Each quarter the Cardio Wellness Center of St. Lukes Hospital in Kansas City hosts a Heart Healthy Happy Hour. I went to the most recent one, which included speakers Dr. James O’Keefe and Dr. William Davis, author of Wheat Belly.
So I gotta get this off my chest before I tell you about the evening…When Wheat Belly first came out, I was asked by lots of folks what I thought about it. Most were asking because they were wanted to go gluten-free or grain-free to lose weight. I’ll contribute only one opinion in this post, and my opinion is this: If you are looking for a weight loss diet, gluten-free or grain-free may not be the solution. Store bought gluten-free counterparts of gluten-full products are often higher in calories and carbohydrates. It’s still possible to eat lots of processed crap that is labeled gluten-free. A gluten-free donut is still a donut. I’ve seen my share of grain-free products lately, including desserts and processed snack foods. Eaten in moderation, they are fine, but they are still a dessert or a treat. Whether intentional or not, Wheat Belly was promoted as a weight loss diet, one that simply required eliminating wheat. (If you read the book, you’ll know there is more to it than that, but the damage was done in the media.) I encourage whole, healthy foods for the majority of what we all eat and am not in total agreement with Wheat Belly.

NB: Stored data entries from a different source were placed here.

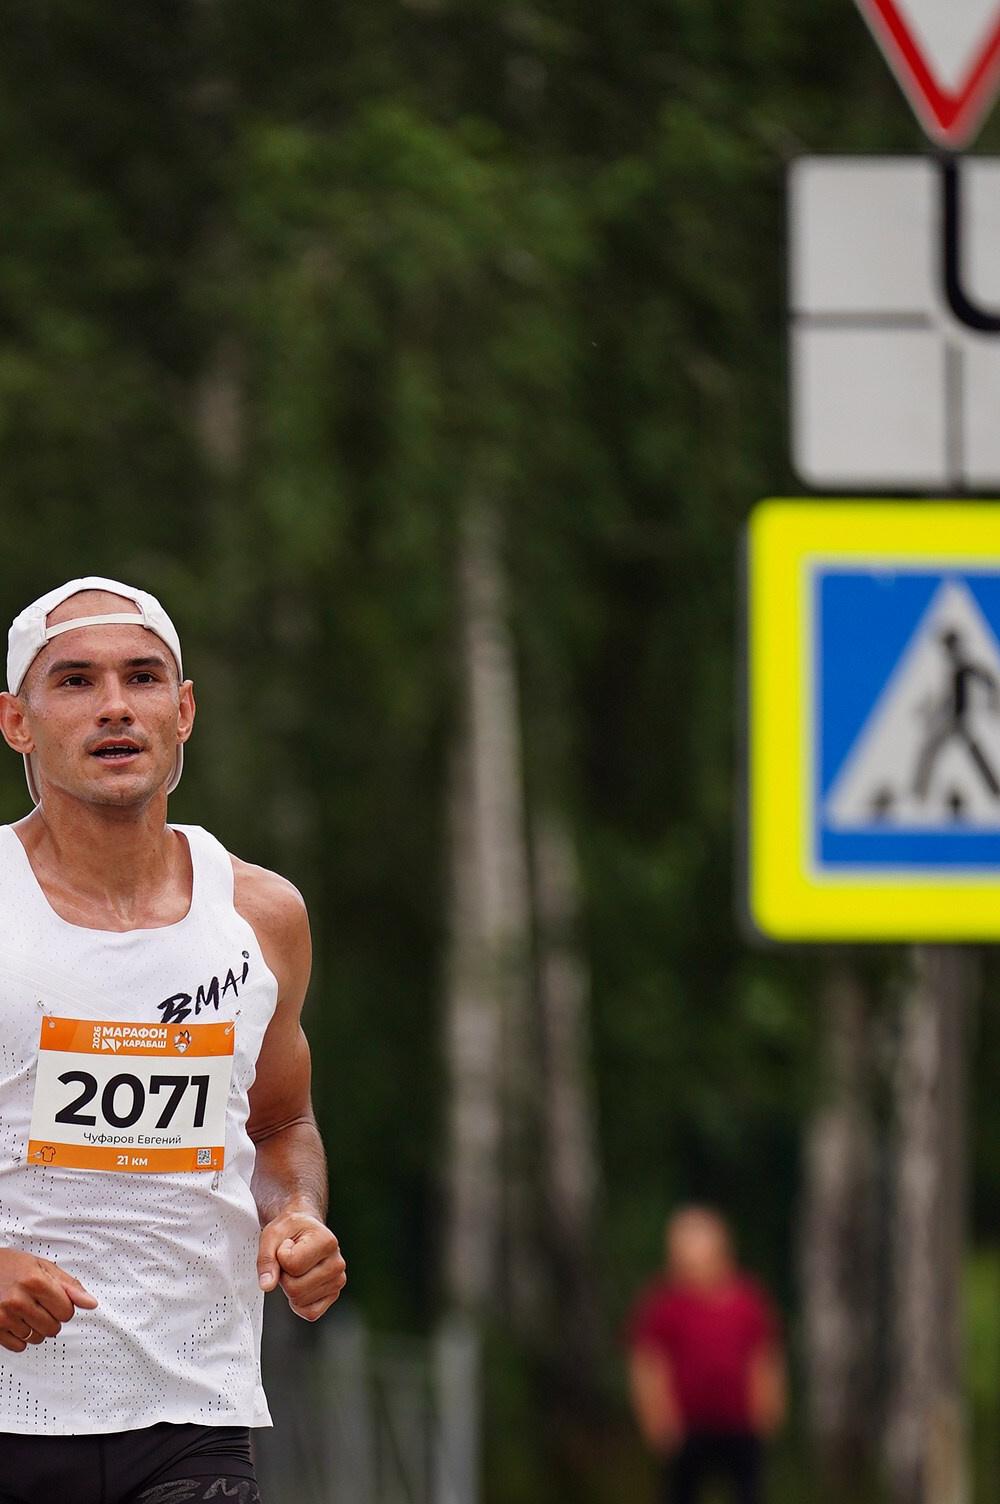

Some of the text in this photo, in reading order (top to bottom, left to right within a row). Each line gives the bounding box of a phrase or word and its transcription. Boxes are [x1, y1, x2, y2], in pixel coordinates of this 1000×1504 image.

[92, 1026, 101, 1049] 2026
[102, 1026, 168, 1039] МАРАФОН
[122, 1039, 167, 1049] КАРАБАШ
[54, 1070, 210, 1129] 2071
[84, 1132, 182, 1145] Чуфаров Евгений
[117, 1155, 148, 1166] 21 км

I still think it contains valuable information and is a good read for anyone who finds they need to eliminate gluten or all grains from their diet or for anyone who is interested in learning about the agricultural revolution of wheat.
Whew! I feel better already. Now, on to the evening.

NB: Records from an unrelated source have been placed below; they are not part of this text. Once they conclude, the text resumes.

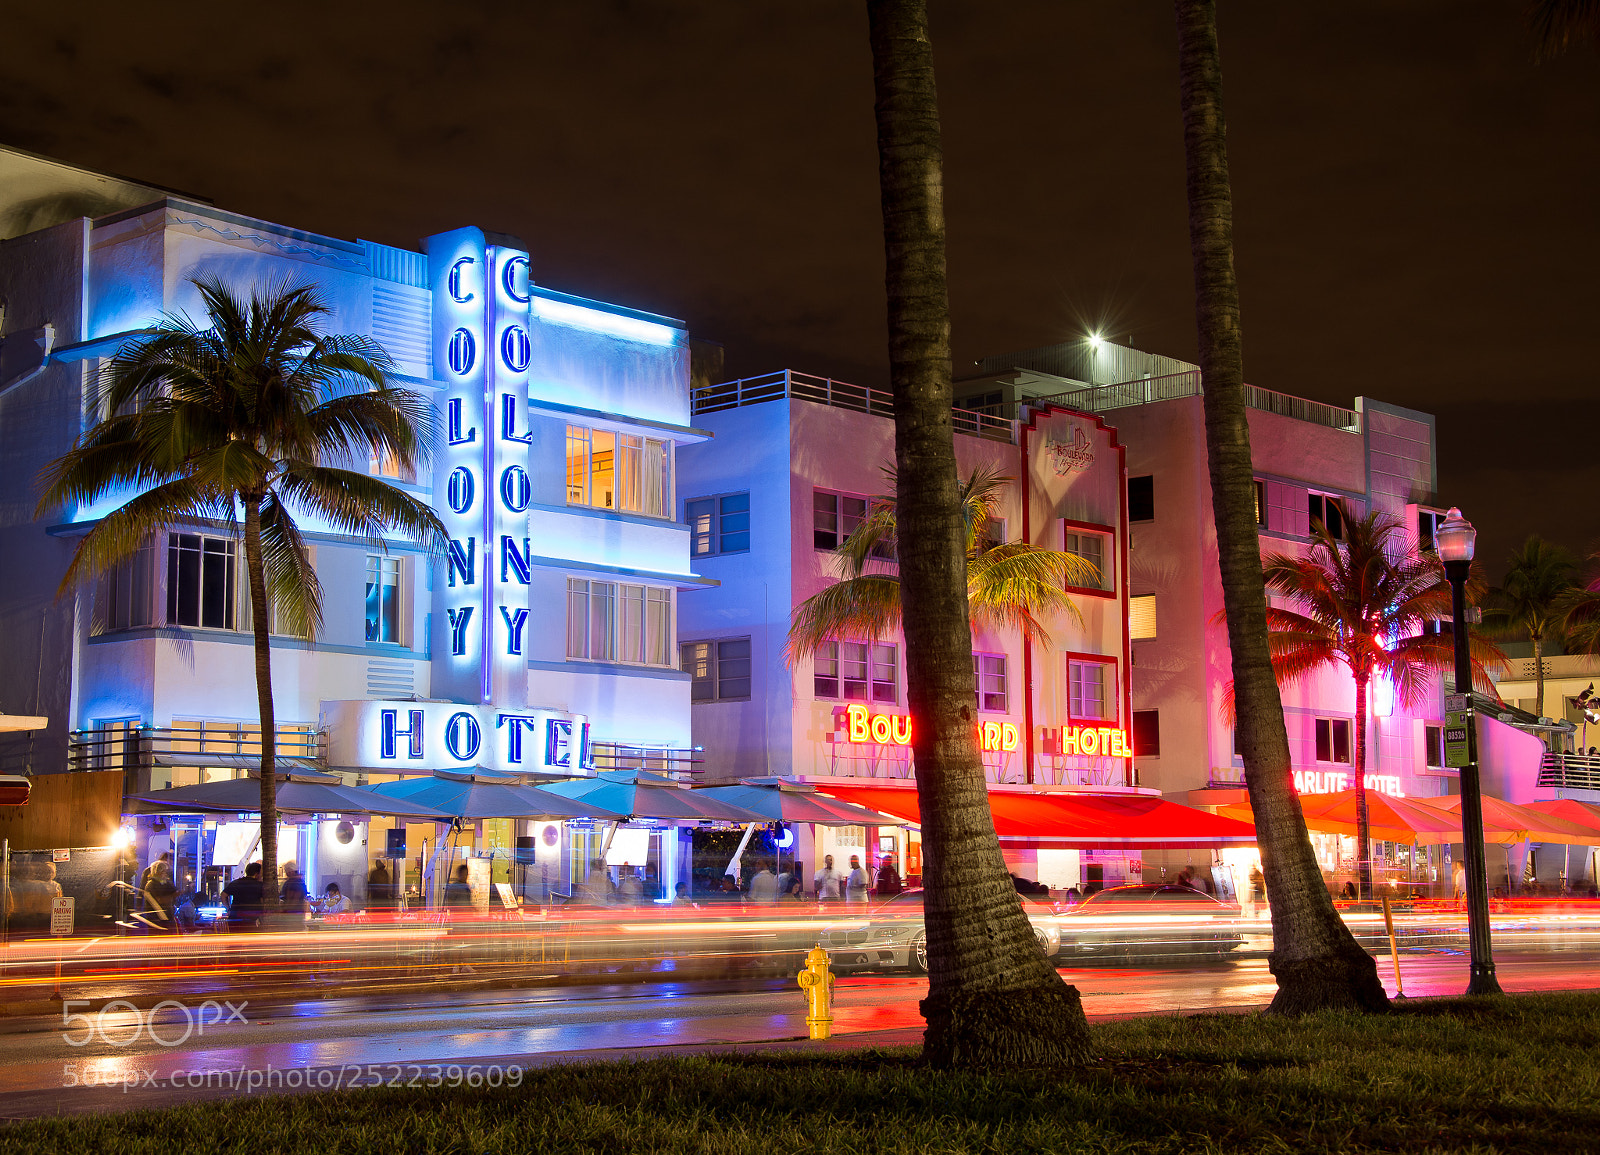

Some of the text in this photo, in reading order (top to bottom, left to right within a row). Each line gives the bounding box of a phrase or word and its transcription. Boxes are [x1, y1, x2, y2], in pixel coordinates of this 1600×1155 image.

[447, 255, 476, 656] COLONY
[499, 255, 533, 656] COLONY
[380, 708, 597, 771] HOTEL
[847, 704, 1132, 757] BOURD HOTEL
[1291, 770, 1347, 794] ARLITE
[54, 907, 71, 915] PARKING

The first speaker was Dr. James O’Keefe. He is very entertaining and shared engaging stories about his life, travels and family. He is also an equal opportunity offender, in a light hearted manner. Early on he mentioned that vegans are missing essential animal protein necessary to rebuild our bodies and later said that bacon is virtually the worst food that there is. Here are five tidbits I took away:
1. Don’t expect your doctor to do for you what you should be doing for yourself.
2. People who are always learning are happier and healthier.

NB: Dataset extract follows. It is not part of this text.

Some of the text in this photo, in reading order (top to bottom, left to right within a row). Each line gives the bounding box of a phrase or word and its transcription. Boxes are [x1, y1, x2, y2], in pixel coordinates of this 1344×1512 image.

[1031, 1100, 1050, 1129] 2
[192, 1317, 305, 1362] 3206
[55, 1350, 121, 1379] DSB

3. People who have sex about four times per week with a steady partner are perceived to be 7 to 12 years younger than their actual age.
4. Run for your life…at a comfortable pace and not too far. Dr. O’Keefe suggested, “If you really want to do a marathon, go ahead and train up for it and do one…then cross it off your bucket list and get into exercise patterns that are more ideal for promoting overall health and longevity.” The suggestion was no more than 60 minutes of strenuous exercise a day.
5. You might make a living from what you get, but you make a life by what you give.
Up next was Dr. William Davis. Here are five takeaways from his lecture:
1. Supplements important to our diets: Probiotics (on the short-term), Vitamin D, Omega 3, Iodine and Magnesium. He said other than the effects of wheat, one of the health issues he sees most is Vitamin D deficiency.
2. Wheat is in almost all processed foods and it keeps us hungry. (The suggestion was made that food manufacturers are aware of this and are putting wheat in food to increase food sales.)
3. Wheat bread is higher on the glycemic index scale than table sugar.
4. Say no to gluten-free, don’t buy products labeled gluten-free. (This was in reference to processed foods labeled gluten-free. Processed food is processed food, gluten-free or not.)
5. A big NO was given to wheatgrass or any grass that would typically be eaten by a ruminant. These were attributed to being as bad for us as any gluten-full grain whether the grain portion of the plant was being consumed or not.
At the book signing, I got the chance to ask Dr. Davis if he thought being tested for Celiac disease before eliminating gluten was essential. His answer: NO. (The picture below is us discussing this…) He said unless a person needs to have that label for their own peace of mind or unless they need the diagnosis for insurance purposes, he didn’t recommend it.*
I learned a lot from both of the speakers and hope you found at least one interesting bit of information here. Whether I completely agree with speakers like this or not, I always leave with some new nugget of knowledge that helps me on my journey to health.
*Dr. Davis is a medical authority, a cardiologist with a fancy degree. I am not, I’ve got no credentials and am just a gal living with Celiac disease. That said, I regret not getting tested prior to eliminating gluten and encourage others, as a friend, to at least get a blood test (even though it is not 100% accurate) before eliminating gluten. There can be other health concerns with Celiac disease that I think may be overlooked without a diagnosis. And from a genetic standpoint, it’s good to know as family members may also benefit from the diagnosis and seek their own medical care. Please read this (specifically the last Myth in the article) and this post from Shirley of Gluten Free Easily, where she shares Dr. Guandalini’s findings that the majority of those diagnosed with Celiac disease present with extraintestinal symptoms, not the gastrointestinal symptoms many expect. This gives me reason to hope anyone considering eliminating gluten and/or grains will get tested prior to elimination.